Images for object localization —
........
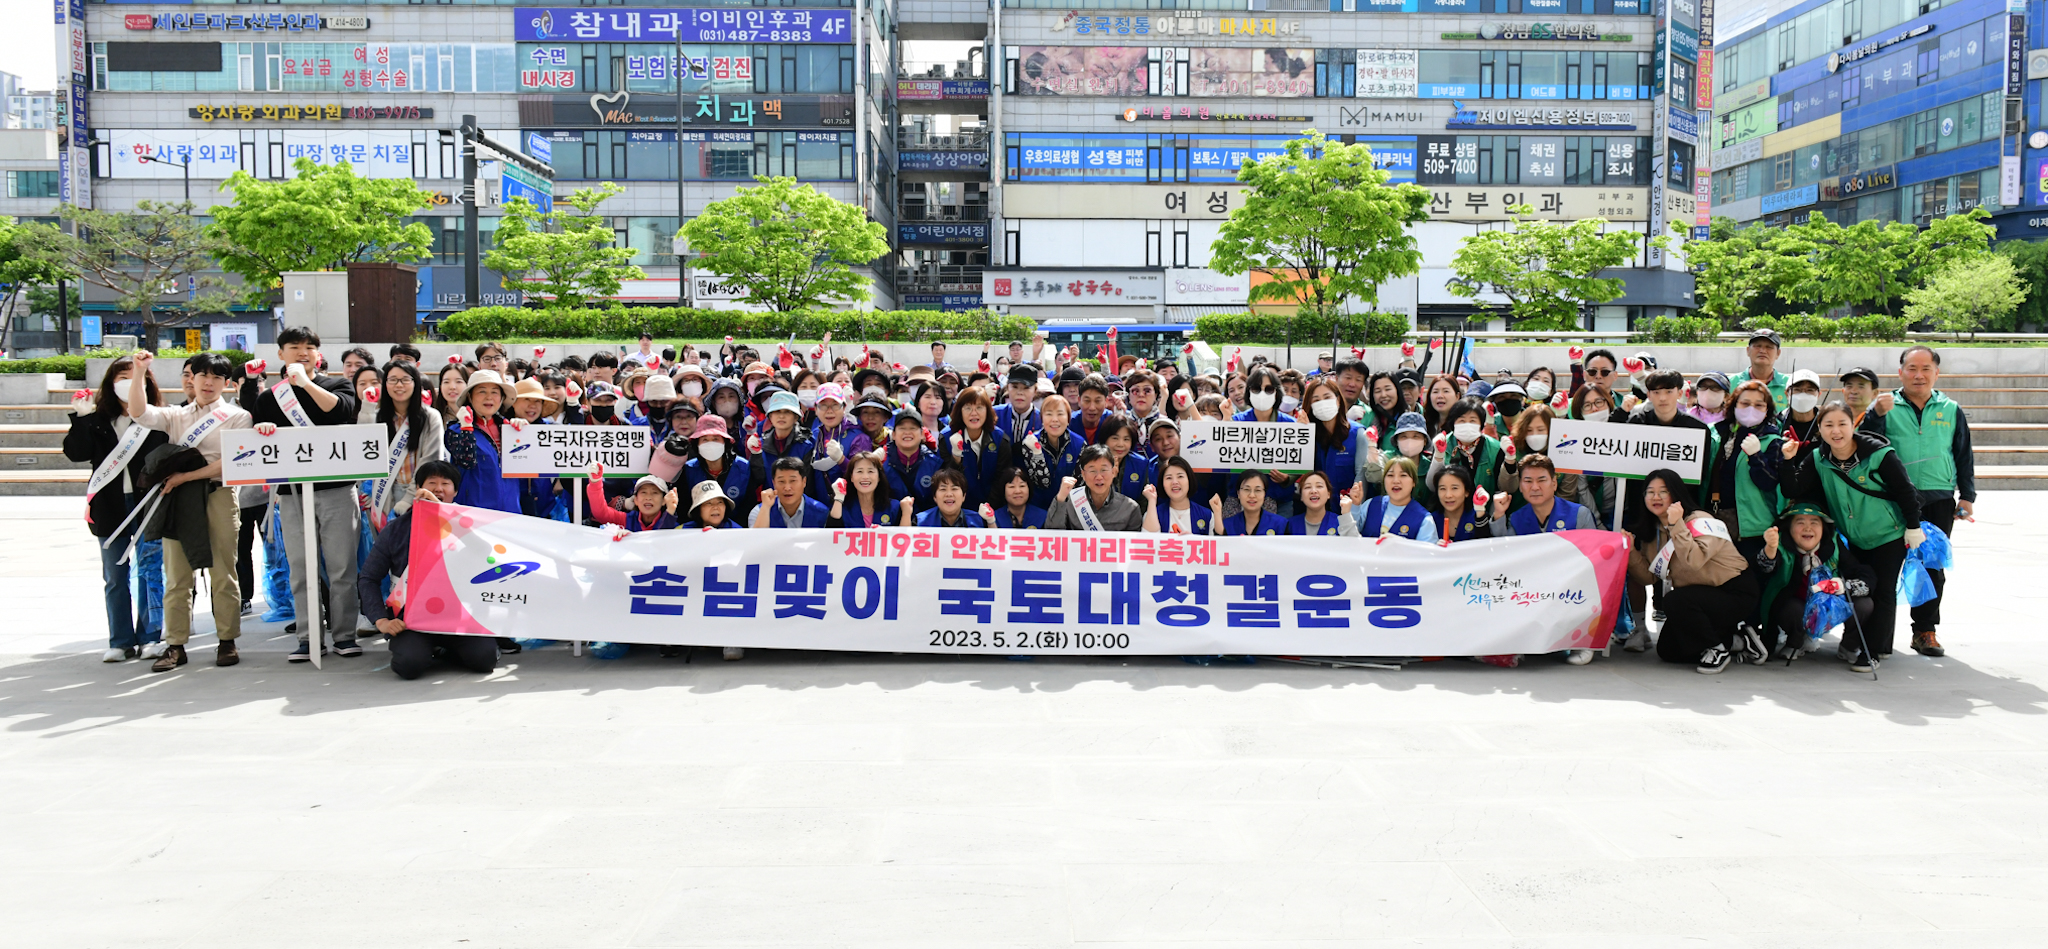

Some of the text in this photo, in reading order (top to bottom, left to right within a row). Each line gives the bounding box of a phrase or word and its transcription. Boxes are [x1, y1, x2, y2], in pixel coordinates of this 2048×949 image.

[155, 12, 247, 31] 세인트파크
[250, 12, 321, 31] 산부인과
[570, 12, 682, 38] 참내과
[700, 10, 812, 29] 이비인후과
[821, 18, 846, 35] 4F
[1075, 16, 1300, 36] 중국정통 아로마 마사지 4F
[699, 29, 812, 41] (031) 487-8383
[73, 28, 84, 73] 산부인과
[354, 46, 389, 64] 여성
[531, 48, 566, 65] 수면
[1389, 52, 1416, 64] 마사지
[1656, 33, 1665, 79] 한의원
[283, 59, 332, 76] 요실금
[2012, 39, 2020, 82] 디와이짐
[342, 69, 407, 88] 성형수술
[522, 70, 576, 88] 내시경
[1391, 67, 1415, 79] 마사지
[1673, 63, 1685, 81] 피부
[1864, 60, 1912, 91] 피부과
[1358, 83, 1416, 95] 스포츠 마사지
[1431, 87, 1466, 97] 피부질환
[1530, 87, 1557, 97] 여드름
[1611, 87, 1633, 97] 비만
[1672, 83, 1685, 102] 비만
[75, 86, 86, 126] 참내과
[262, 104, 342, 121] 외과의원
[348, 106, 420, 119] 486-9975
[696, 94, 782, 126] 치과 맥
[1142, 105, 1210, 120] 비올의원
[604, 110, 633, 123] MAC
[1371, 112, 1423, 122] MAMUI
[1479, 108, 1632, 126] 제이엠신용정보 509-7400
[632, 132, 662, 140] 치아교정
[799, 133, 837, 141] 레이저치료
[1723, 122, 1735, 140] 5F
[330, 144, 367, 163] 항문
[373, 144, 409, 163] 치질
[1025, 149, 1122, 166] 우호의료생협 성형
[1125, 149, 1144, 157] 피부
[1192, 151, 1220, 166] 보톡스
[1427, 142, 1477, 158] 무료 상담
[1530, 143, 1556, 158] 채권
[1608, 143, 1635, 158] 신용
[1125, 158, 1144, 166] 비만
[1423, 159, 1477, 175] 509-7400
[1529, 162, 1555, 177] 추심
[1607, 162, 1634, 177] 조사
[1867, 172, 1890, 188] Live
[1598, 193, 1635, 201] 피부과
[1697, 177, 1709, 203] 테라피
[1164, 191, 1229, 214] 여성
[1431, 192, 1563, 215] 산부인과
[1653, 186, 1661, 216] 안경
[1668, 194, 1695, 216] 산부인과
[1935, 200, 1963, 215] LEAHA
[1598, 207, 1634, 216] 성형외과
[1067, 280, 1113, 296] 칼국수
[537, 430, 645, 449] 한국자유총연맹
[1212, 426, 1310, 446] 바르게살기운동
[261, 438, 380, 465] 안산시청
[1219, 447, 1302, 465] 안산시협의회
[1582, 436, 1698, 463] 안산시 새마을회
[553, 450, 630, 468] 안산시지회
[832, 531, 1230, 567] 「제19회 안산국제거리극축제」
[1453, 573, 1492, 595] 시민과
[481, 590, 528, 605] 안산시
[629, 564, 1423, 629] 손님맞이 국토대청결운동
[1467, 589, 1587, 611] 자유로운 혁신도시 안산
[929, 630, 987, 648] 2023.
[993, 632, 1012, 648] 5.
[1074, 632, 1130, 649] 10:00
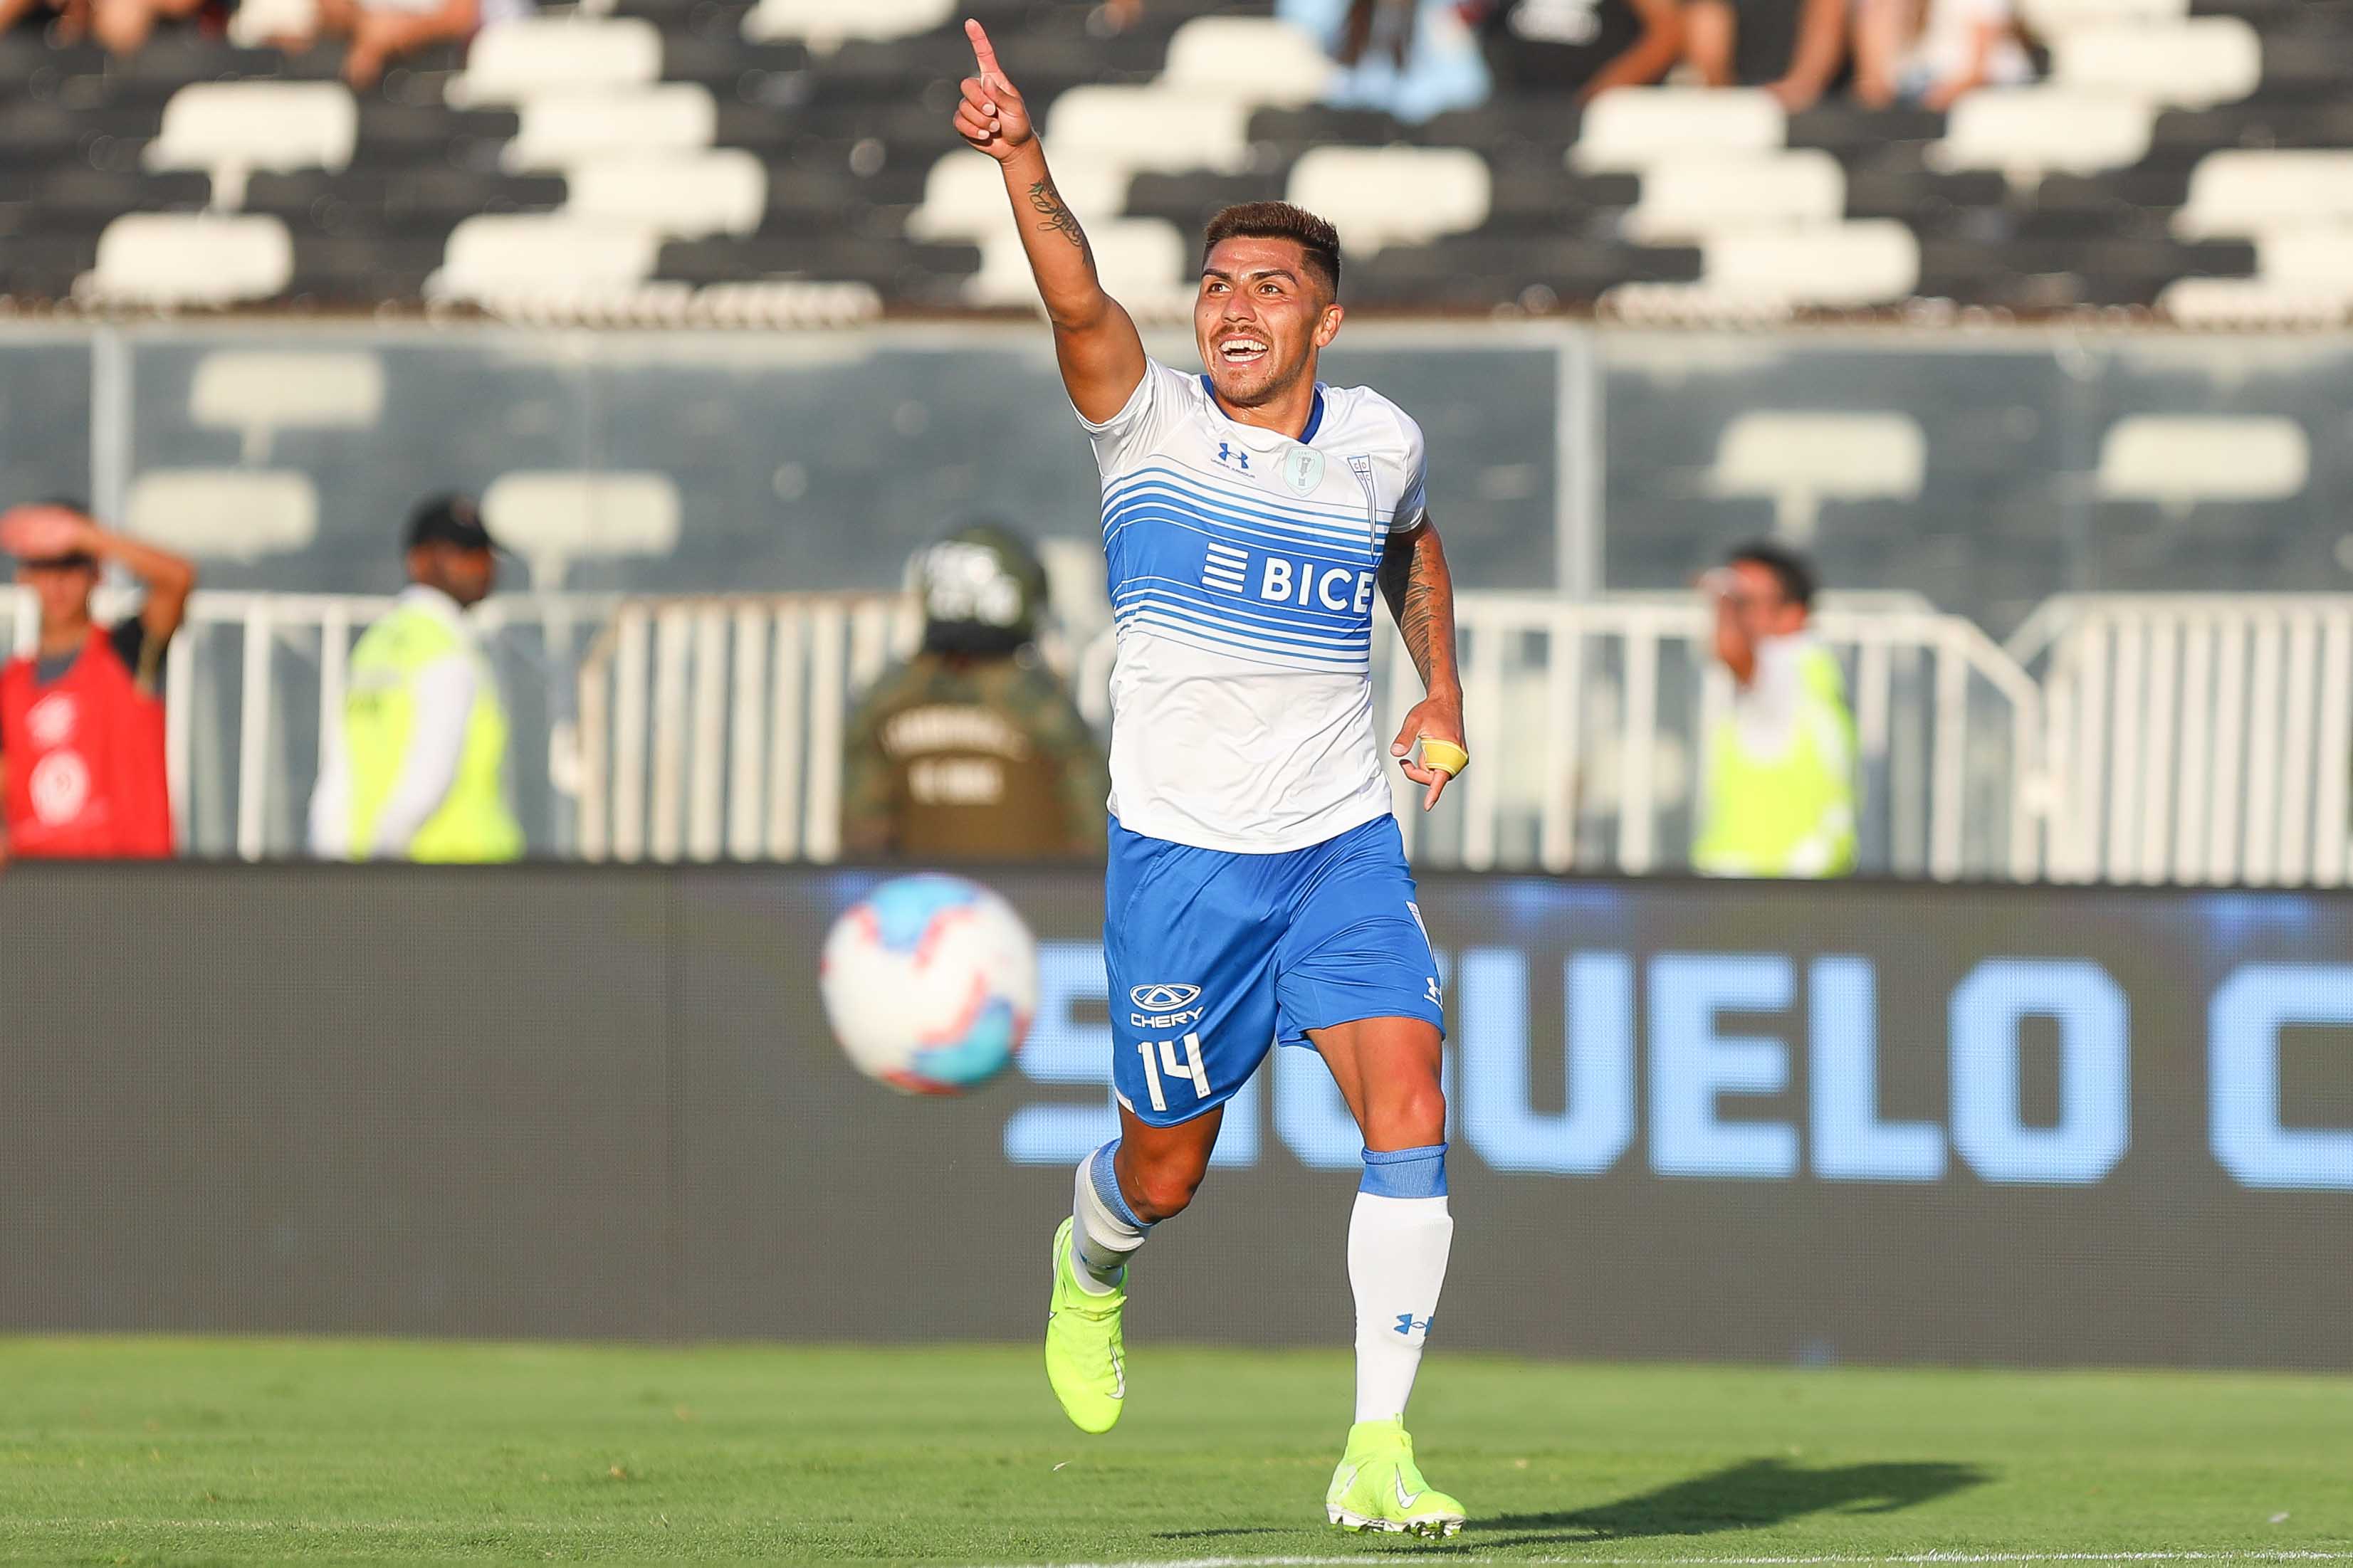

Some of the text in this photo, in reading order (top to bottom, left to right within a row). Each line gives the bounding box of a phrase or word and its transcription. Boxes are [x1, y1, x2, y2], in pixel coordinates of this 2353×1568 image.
........
Exercise directions — The answer must be the data above, repeated exactly, with no pictures.

Reply to the exercise —
Some of the text in this photo, in reading order (top to bottom, left to right within a row). Each line gives the bounding box of a phrase or word and its transcription. Boxes are [x1, y1, x2, y2], in pixel coordinates of this 2048×949 image.

[155, 12, 247, 31] 세인트파크
[250, 12, 321, 31] 산부인과
[570, 12, 682, 38] 참내과
[700, 10, 812, 29] 이비인후과
[821, 18, 846, 35] 4F
[1075, 16, 1300, 36] 중국정통 아로마 마사지 4F
[699, 29, 812, 41] (031) 487-8383
[73, 28, 84, 73] 산부인과
[354, 46, 389, 64] 여성
[531, 48, 566, 65] 수면
[1389, 52, 1416, 64] 마사지
[1656, 33, 1665, 79] 한의원
[283, 59, 332, 76] 요실금
[2012, 39, 2020, 82] 디와이짐
[342, 69, 407, 88] 성형수술
[522, 70, 576, 88] 내시경
[1391, 67, 1415, 79] 마사지
[1673, 63, 1685, 81] 피부
[1864, 60, 1912, 91] 피부과
[1358, 83, 1416, 95] 스포츠 마사지
[1431, 87, 1466, 97] 피부질환
[1530, 87, 1557, 97] 여드름
[1611, 87, 1633, 97] 비만
[1672, 83, 1685, 102] 비만
[75, 86, 86, 126] 참내과
[262, 104, 342, 121] 외과의원
[348, 106, 420, 119] 486-9975
[696, 94, 782, 126] 치과 맥
[1142, 105, 1210, 120] 비올의원
[604, 110, 633, 123] MAC
[1371, 112, 1423, 122] MAMUI
[1479, 108, 1632, 126] 제이엠신용정보 509-7400
[632, 132, 662, 140] 치아교정
[799, 133, 837, 141] 레이저치료
[1723, 122, 1735, 140] 5F
[330, 144, 367, 163] 항문
[373, 144, 409, 163] 치질
[1025, 149, 1122, 166] 우호의료생협 성형
[1125, 149, 1144, 157] 피부
[1192, 151, 1220, 166] 보톡스
[1427, 142, 1477, 158] 무료 상담
[1530, 143, 1556, 158] 채권
[1608, 143, 1635, 158] 신용
[1125, 158, 1144, 166] 비만
[1423, 159, 1477, 175] 509-7400
[1529, 162, 1555, 177] 추심
[1607, 162, 1634, 177] 조사
[1867, 172, 1890, 188] Live
[1598, 193, 1635, 201] 피부과
[1697, 177, 1709, 203] 테라피
[1164, 191, 1229, 214] 여성
[1431, 192, 1563, 215] 산부인과
[1653, 186, 1661, 216] 안경
[1668, 194, 1695, 216] 산부인과
[1935, 200, 1963, 215] LEAHA
[1598, 207, 1634, 216] 성형외과
[1067, 280, 1113, 296] 칼국수
[537, 430, 645, 449] 한국자유총연맹
[1212, 426, 1310, 446] 바르게살기운동
[261, 438, 380, 465] 안산시청
[1219, 447, 1302, 465] 안산시협의회
[1582, 436, 1698, 463] 안산시 새마을회
[553, 450, 630, 468] 안산시지회
[832, 531, 1230, 567] 「제19회 안산국제거리극축제」
[1453, 573, 1492, 595] 시민과
[481, 590, 528, 605] 안산시
[629, 564, 1423, 629] 손님맞이 국토대청결운동
[1467, 589, 1587, 611] 자유로운 혁신도시 안산
[929, 630, 987, 648] 2023.
[993, 632, 1012, 648] 5.
[1074, 632, 1130, 649] 10:00

Some of the text in this photo, in reading order (top to bottom, left to right within a row). Each line gives the bounding box of a phrase or word and its transcription. Boxes are [x1, y1, x2, y2], in pixel coordinates of this 2353×1568 image.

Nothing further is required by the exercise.